Analyzing the DHAT data, there are a total of 12 bytes of allocations (The vector: 3 * sizeof(i32) bytes = 3 * 4 bytes) in 1 block during the setup of the benchmark in setup_worst_case_array. That’s also 12 bytes of writes to fill the vector with the values. That makes 24 bytes of reads and 24 bytes of writes in the bubble_sort function.
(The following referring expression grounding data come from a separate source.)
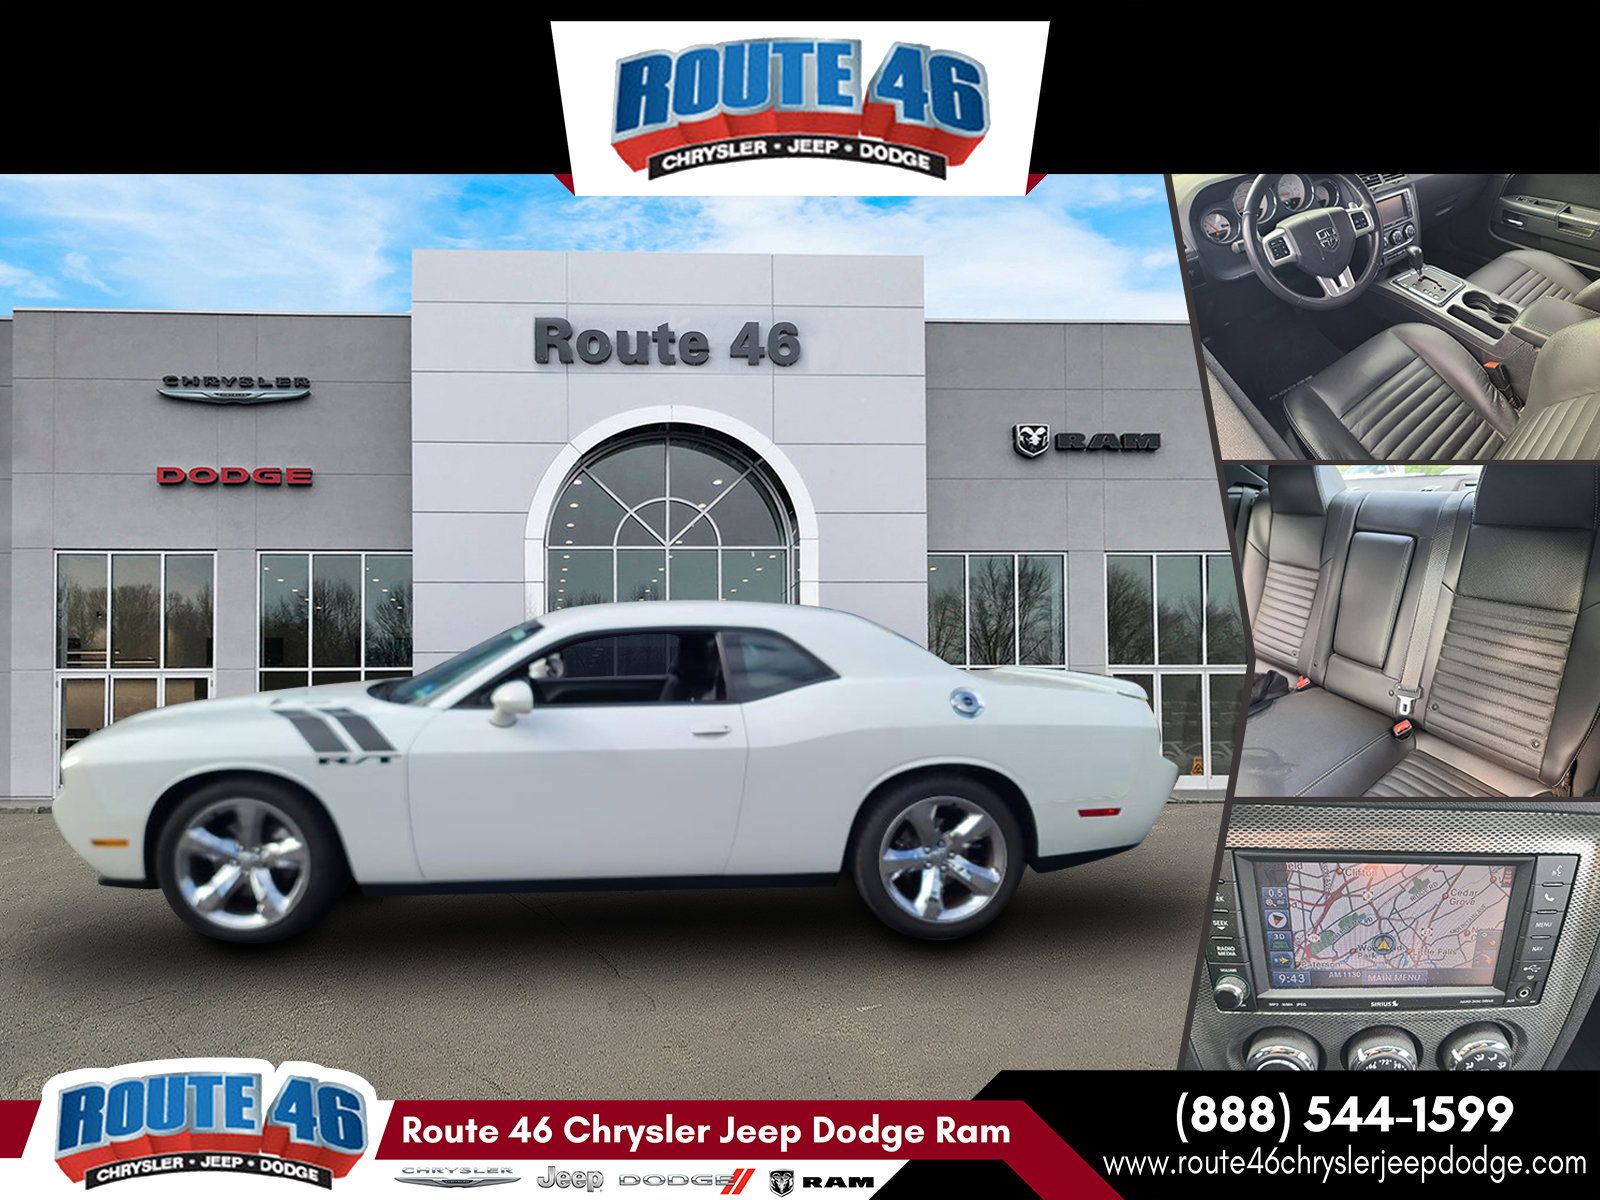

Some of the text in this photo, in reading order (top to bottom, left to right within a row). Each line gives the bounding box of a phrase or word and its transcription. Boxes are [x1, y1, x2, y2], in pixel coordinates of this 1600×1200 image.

[534, 317, 801, 366] Route 46
[162, 375, 311, 389] CHRYSLER
[1055, 432, 1161, 451] RAM
[157, 466, 313, 486] DODGE
[1345, 867, 1377, 877] Clifton
[1268, 888, 1283, 898] 0.5
[1450, 889, 1478, 897] Cedar
[1450, 898, 1475, 906] Grove
[1278, 973, 1305, 984] 9:43
[1394, 974, 1421, 982] MENU
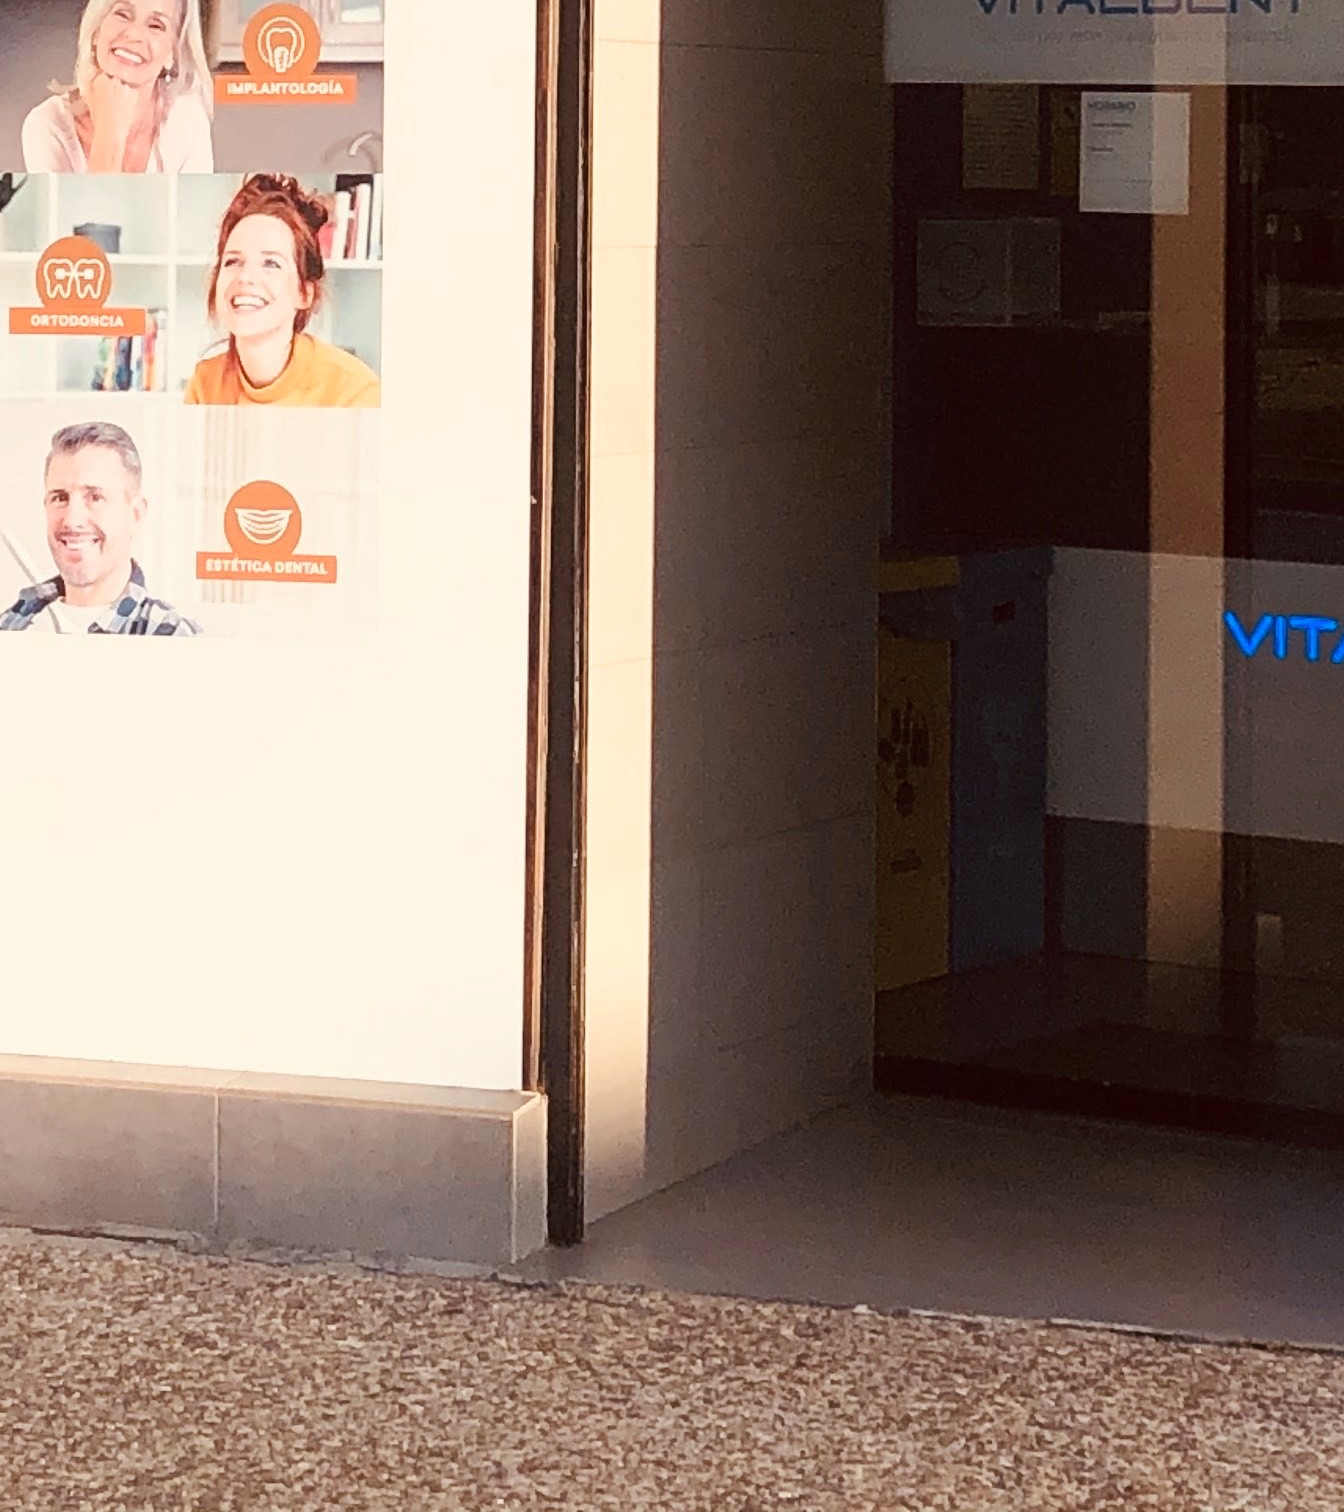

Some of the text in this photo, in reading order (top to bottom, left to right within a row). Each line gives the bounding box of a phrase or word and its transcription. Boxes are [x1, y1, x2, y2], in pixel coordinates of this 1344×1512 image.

[226, 79, 345, 96] IMPLANTOLOGÍA
[30, 314, 125, 328] ORTODONCIA
[205, 554, 329, 576] ESTÉTICA DENTAL
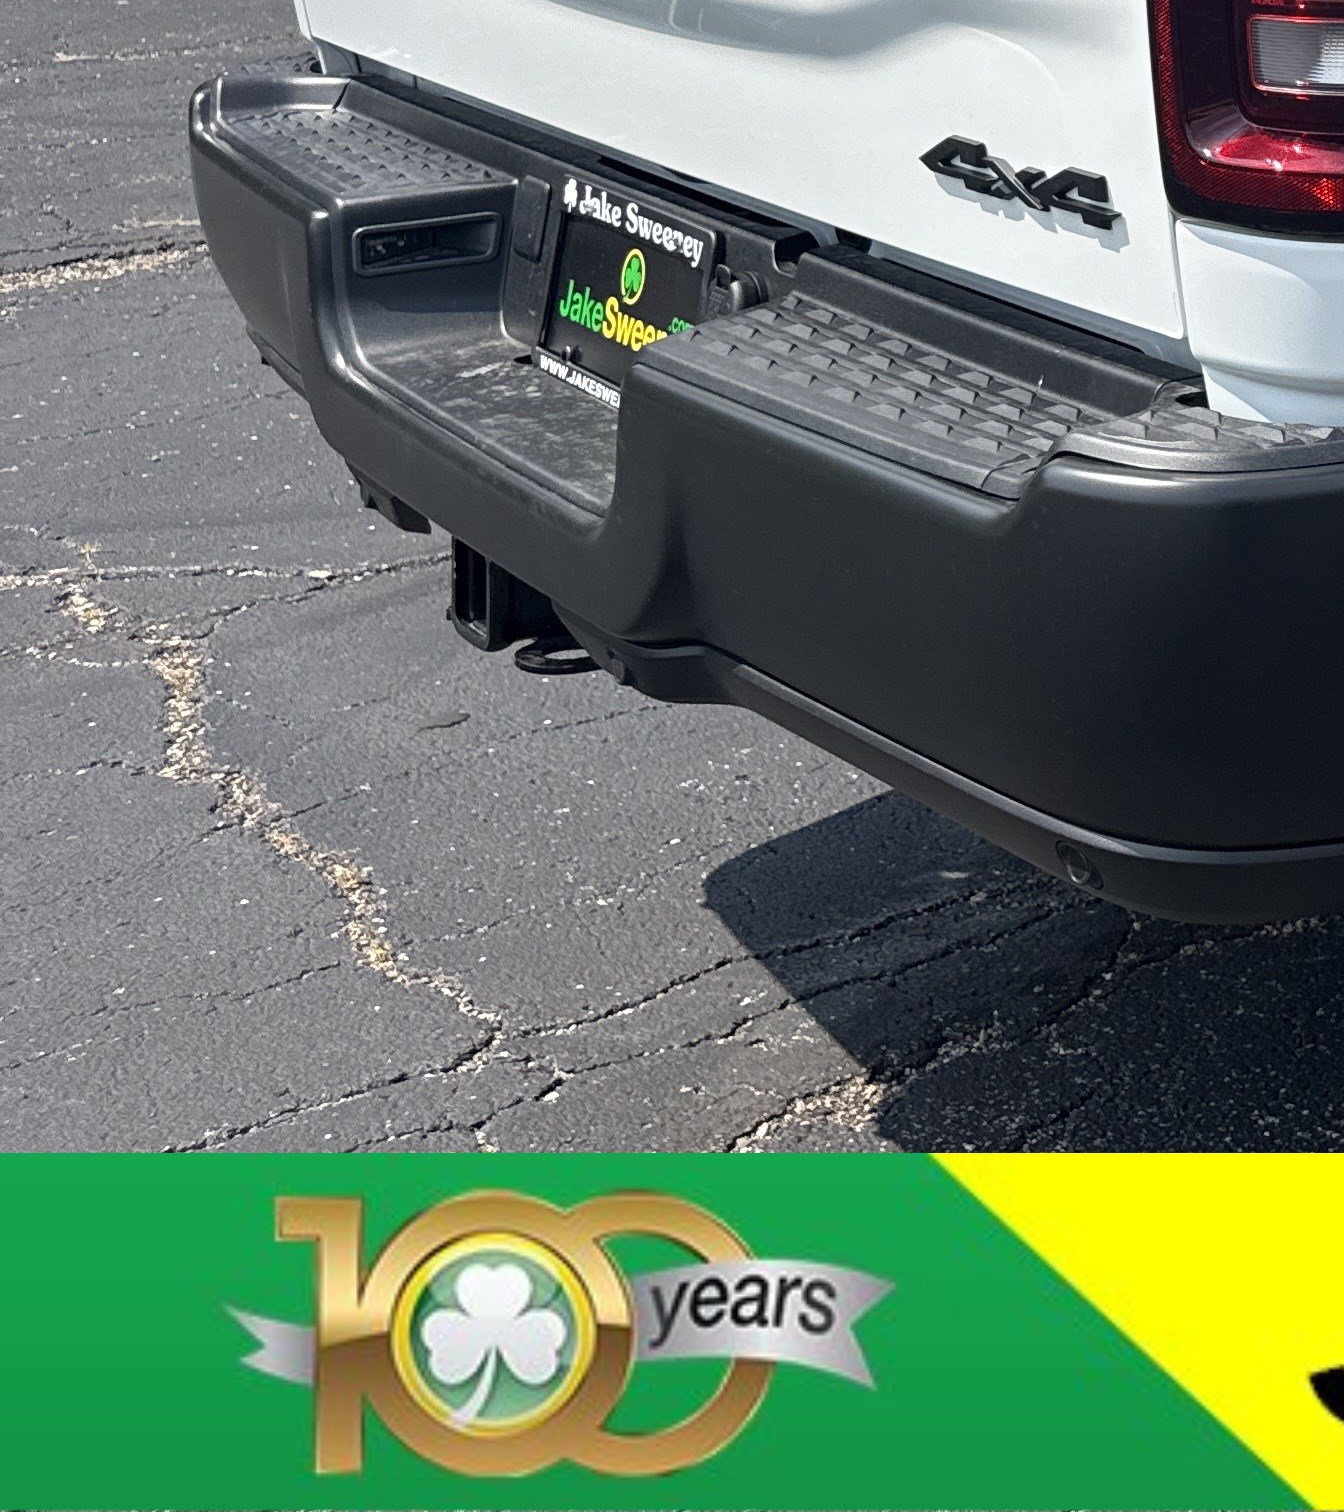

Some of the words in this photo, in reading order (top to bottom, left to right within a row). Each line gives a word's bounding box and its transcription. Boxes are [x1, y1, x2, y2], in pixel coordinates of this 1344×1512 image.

[580, 185, 622, 227] Jake
[626, 202, 704, 268] Sweeney
[540, 354, 621, 408] WWW.JAKESWE
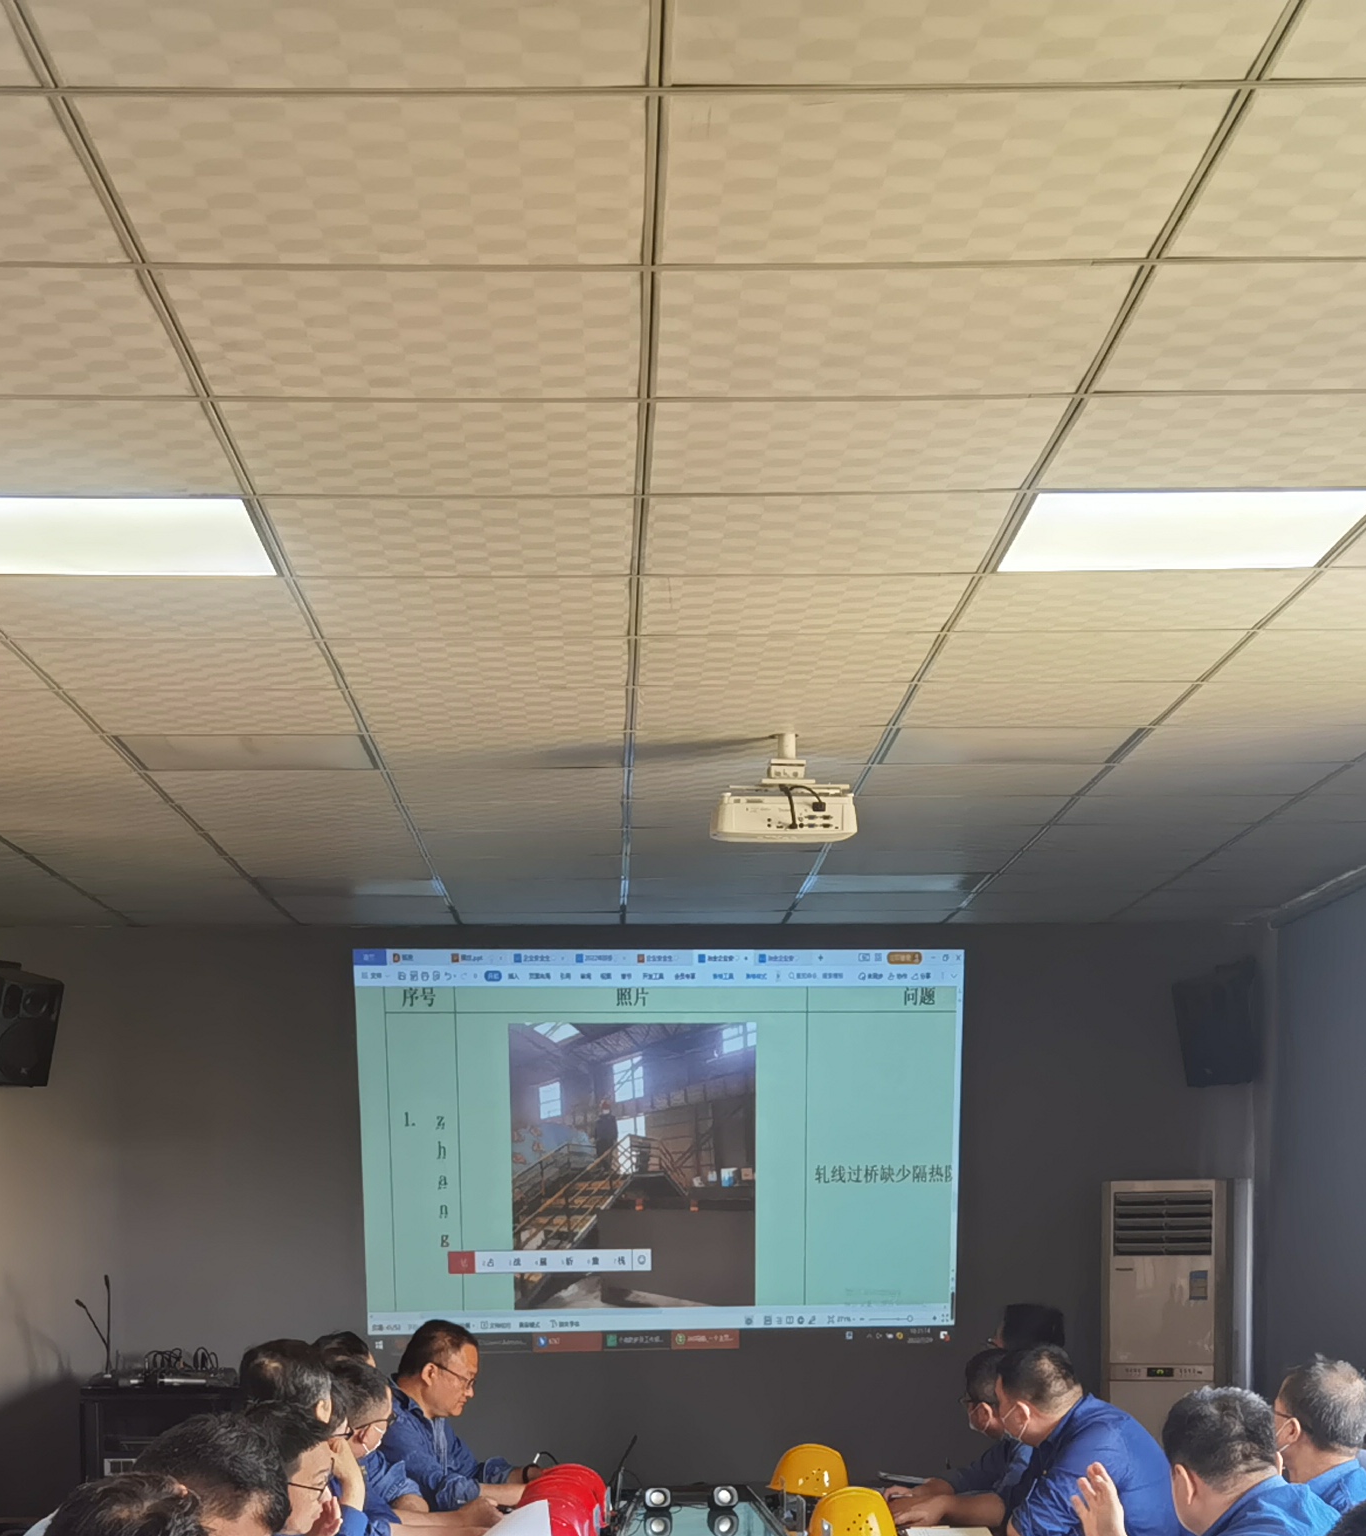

Also, there are no (de-)allocations of heap memory in bubble_sort itself.

Soft Limits and Hard Limits

Based on that data, we could define for example hard limits (or soft limits or both whatever you think is appropriate) to ensure bubble_sort is not getting worse than that.

extern crate gungraun;
mod my_lib { pub fn bubble_sort(_: Vec<i32>) -> Vec<i32> { vec![] } }
use gungraun::prelude::*;
use gungraun::{Dhat, DhatMetric};
use std::hint::black_box;

#[library_benchmark]
#[bench::worst_case_3(
    args = (vec![3, 2, 1]),
    config = LibraryBenchmarkConfig::default()
        .tool(Dhat::default()
            .hard_limits([
                (DhatMetric::ReadsBytes, 24),
                (DhatMetric::WritesBytes, 32)
            ])
        )
)]
fn bench_bubble_sort(array: Vec<i32>) -> Vec<i32> {
    black_box(my_lib::bubble_sort(black_box(array)))
}

library_benchmark_group!(name = my_group, benchmarks = bench_bubble_sort);

fn main() {
main!(
    config = LibraryBenchmarkConfig::default()
        .tool(Dhat::default()),
    library_benchmark_groups = my_group
);
}

Now, if bubble_sort would read more than 24 bytes or if there were more than 32 bytes of writes during the benchmark, the benchmark would fail and exit with error.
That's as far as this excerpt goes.